Dunque, in questo libro, Carla Ravaioli oppone una misura ad occhio e croce impossibile - ma realistica - il disarmo unilaterale di un intero continente, ad un'altra che lei stessa giudica ancora più impossibile - e al momento irrealistica - e cioè l'improvvisa presa di coscienza dei suoi limiti ormai visibilmente abnormi da parte del capitalismo e la rinuncia al profitto di fronte al pericolo imminente in cui versa il pianeta. Per il capitalismo - almeno, se avesse un forte senso di sopravivenza e dunque una disposizione al compromesso - tra la rinuncia al profitto e la rinuncia al profitto solo in campo militare, la seconda opzione dovrebbe essere più digeribile.
Cosa si intende per capitalismo? Non solo i suoi gruppi dirigenti, il suo Gotha. Ma tutto il sistema, comprese le sue opposizioni interne. Le quali, sul tema ambientale - cioè sul piccolo problema se salvare o no il futuro del pianeta - non hanno mai funzionato da anticorpi, come hanno fatto su altri versanti della battaglia politica e sociale. Carla Ravaioli non salva nessuno, che siano le socialdemocrazie nordeuropee o il difensore dei diritti civili Zapatero. Che sia l'inemendabile classe politica berlusconiana al potere o il Pd o il Prc, i Verdi e tutti gli altri. Destra e sinistra. Centro e estremisti. Marxisti e libertari.
Ed è proprio la dimensione diciamo così, universalmente politica, di questo libro, che ne è l'aspetto più seducente. L'analisi della politica delle sinistre, il suo cogliere la trappola in cui si sono ficcate senza rendersene conto.
Sono convinto da tempo - e lo ho scritto - che la sinistra oggi ha bisogno di andare oltre se stessa - cioè oltre i suoi schemi, i suoi tic, le sue ideologie novecentesche - se vuole recuperare la sua forza rivoluzionaria e di trasformazione, e riproporsi come strumento di cambiamento e di governo del mondo. Il libro di Carla Ravaioli va oltre (e non è la prima volta che Carla lo fa); ed è profeticamente uscito con un bell'anticipo sia sulla crisi finanziaria che sta strangolando il mercato globale, che sulla contrapposizione Italia, Polonia e altri paesi dell'est europeo con il governo di Bruxelles sulla questione della riduzione delle emissioni di gas nocivi.
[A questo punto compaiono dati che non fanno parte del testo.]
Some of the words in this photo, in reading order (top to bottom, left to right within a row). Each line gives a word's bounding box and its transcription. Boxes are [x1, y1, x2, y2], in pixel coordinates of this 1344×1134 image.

Andare oltre cosa? Carla Ravaioli spiega perché molti aspetti dello stesso marxismo - quelli interni all'ideologia dello sviluppo economico visto come una legge di natura - sono entrati in contrasto con la necessità del pianeta, e del suo futuro, e dunque diventano conservatori, arretrati. Il grande filone di pensiero, ancora attuale, del marxismo è quello che riguarda la riproduzione e la critica del potere e della alienazione. Cioè quello che ha avuto meno ricadute nel comunismo reale e nella storia del movimento operaio. Le sinistre si accorgono di tutto questo? Sì, ma ne sono terrorizzate, lo vedono come una minaccia alle proprie certezze, alle proprie abitudini, alle proprie relazioni e alle proprie politiche.
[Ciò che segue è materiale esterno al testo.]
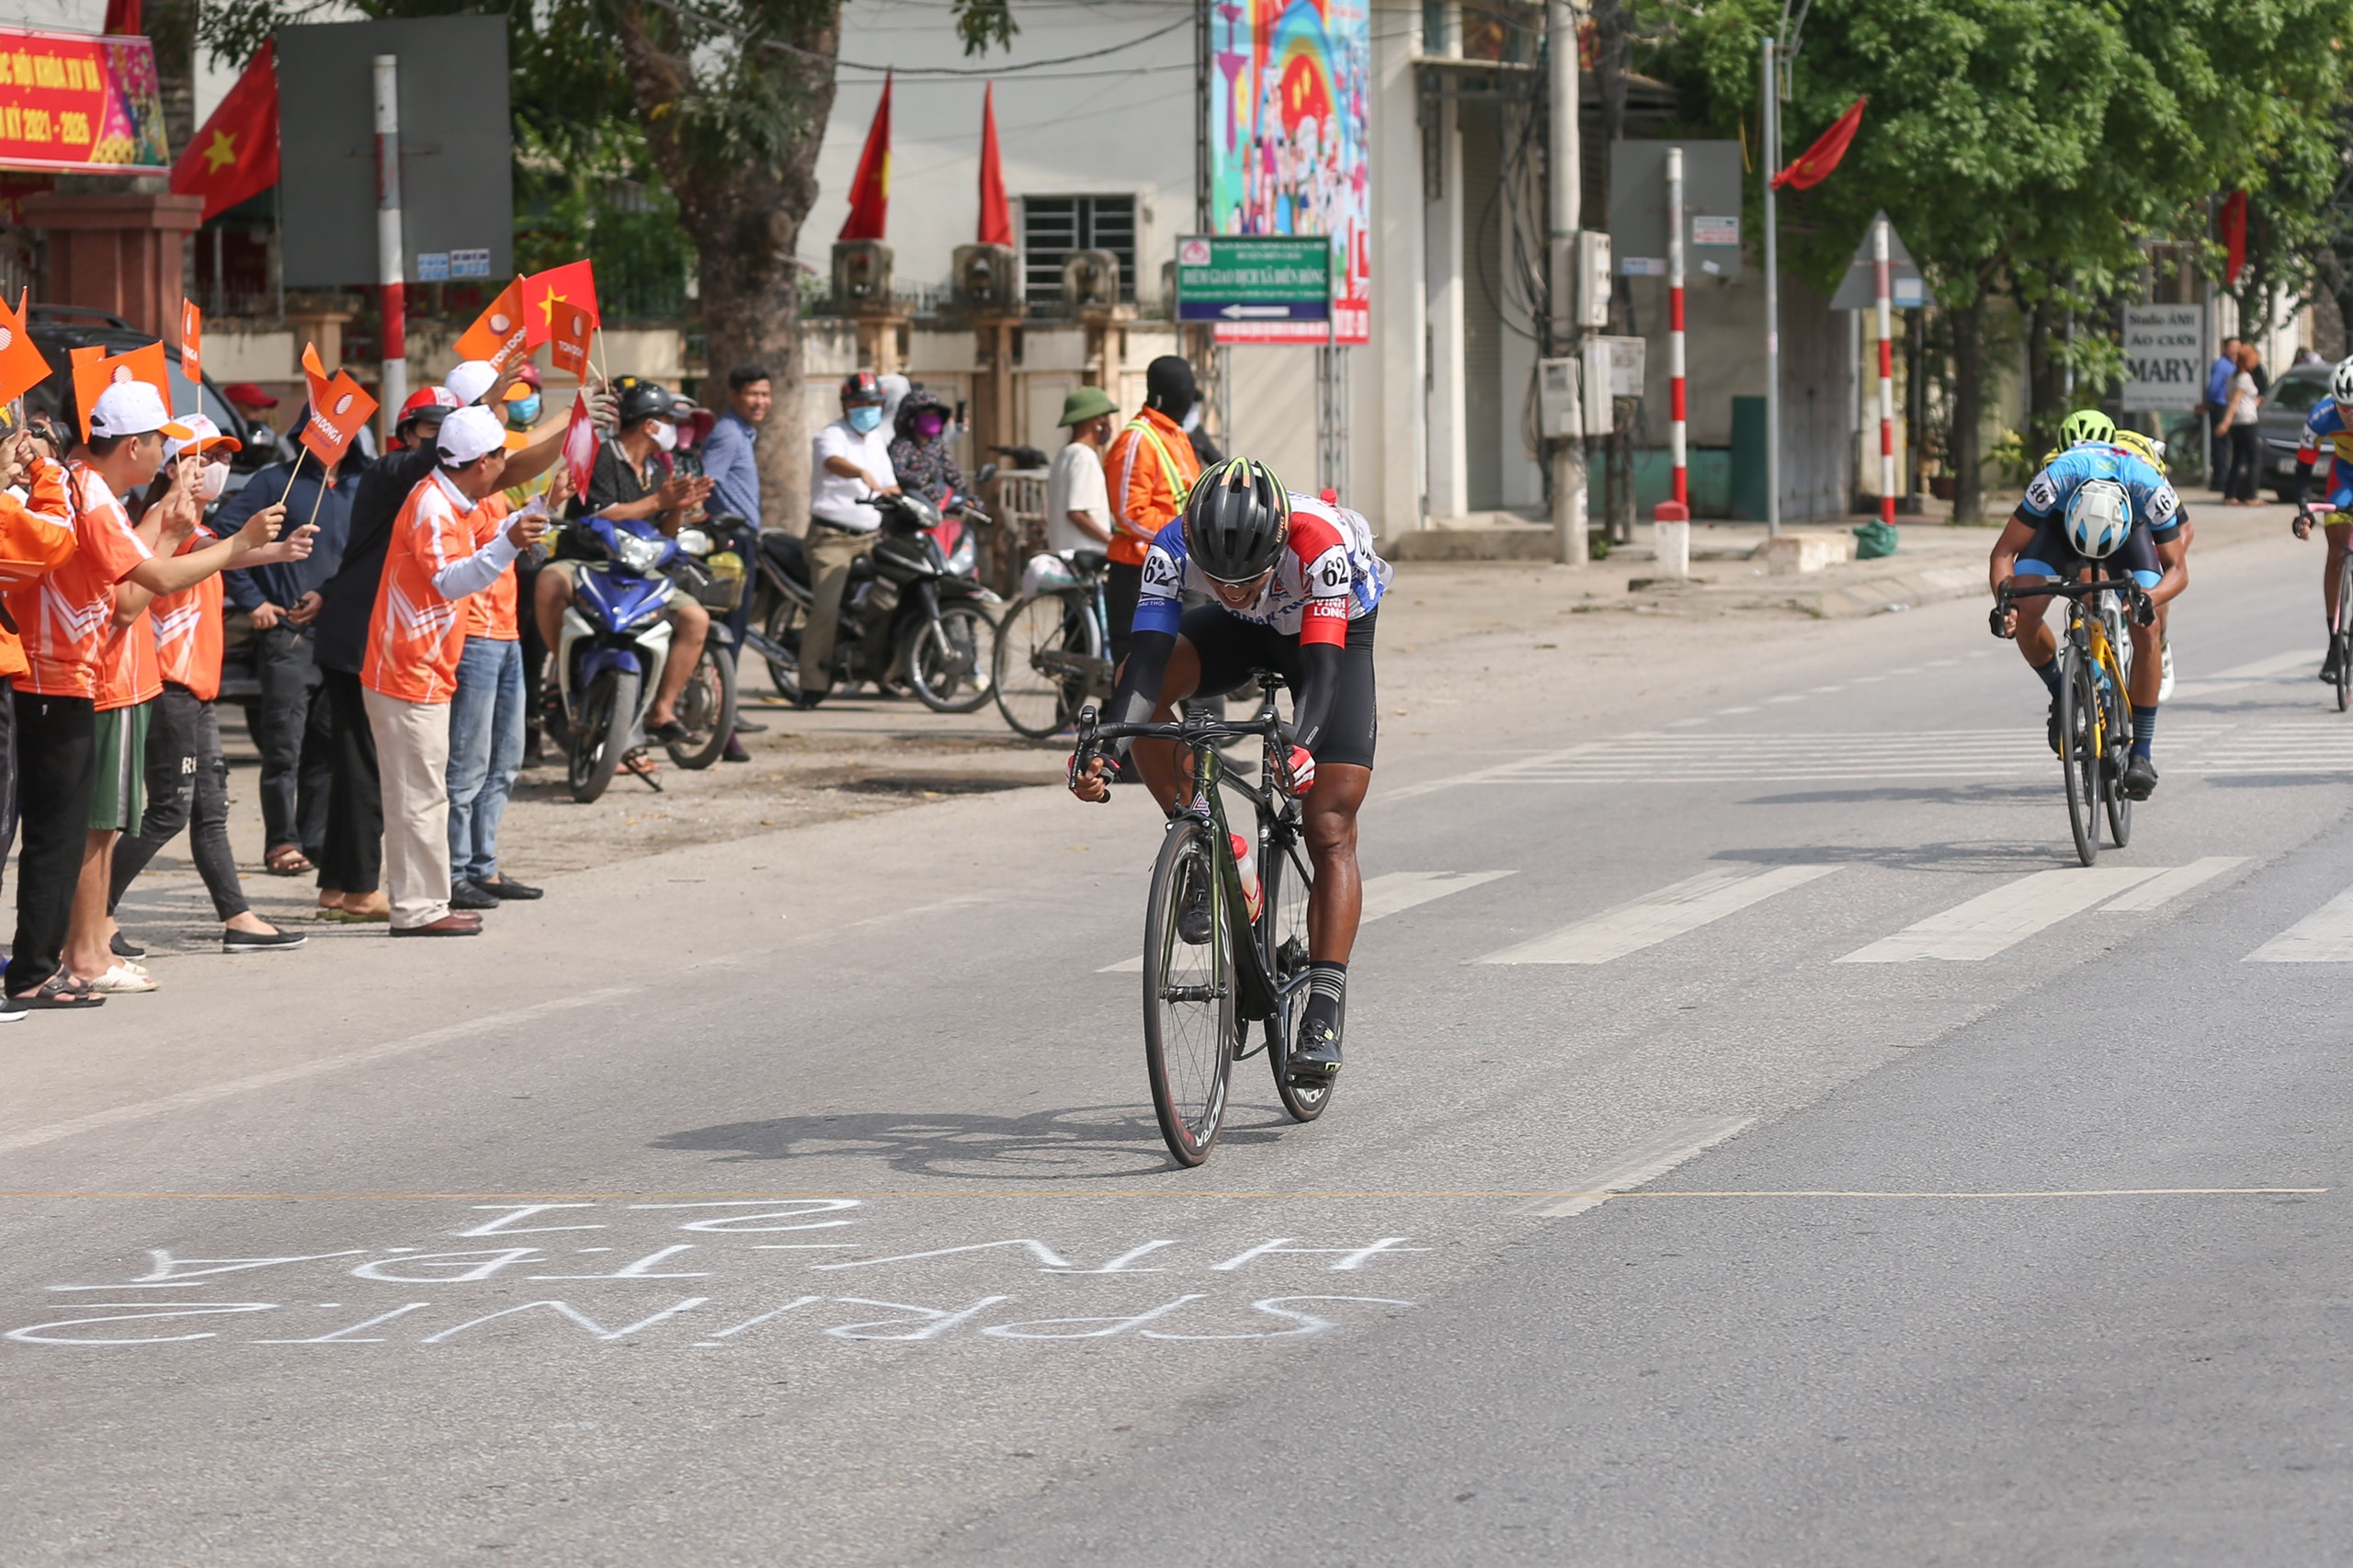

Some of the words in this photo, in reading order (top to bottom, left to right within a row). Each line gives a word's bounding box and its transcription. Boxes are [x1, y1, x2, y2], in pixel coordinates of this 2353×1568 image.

Sullo sfondo del libro di Ravaioli c'è questa crisi finanziaria internazionale la cui scintilla è, proprio come descrive il libro, l'artificiosa creazione della domanda. In un mondo in cui la produzione di merci non risponde più in alcun modo a dei bisogni precisi, si vendono mutui a chi non sa come pagarli, e si rivendono quotando il debito collettivo in borsa. Fantastico. Crolla tutto ed ecco che gli iperliberisti, fregati, si affannano a chiedere regole, intervento dello stato, parlano di un'etica del capitalismo e della necessità di rimettere in piedi, presto, al più presto, la fiducia dei consumatori nel benedetto mercato.
Carla, con questo suo libro, accompagna l'analisi, sempre molto acuta e informata, sullo "sviluppismo" e sulla grande questione ambientale, a questa idea che un po' spariglia le abituali battaglie politiche. E cioè reintroduce nella discussione la "mozione" pacifista, ma non dal suo abituale versante "etico", bensì da quello ambientale. Il disarmo come necessità "naturale". Mi sembra una ottima idea.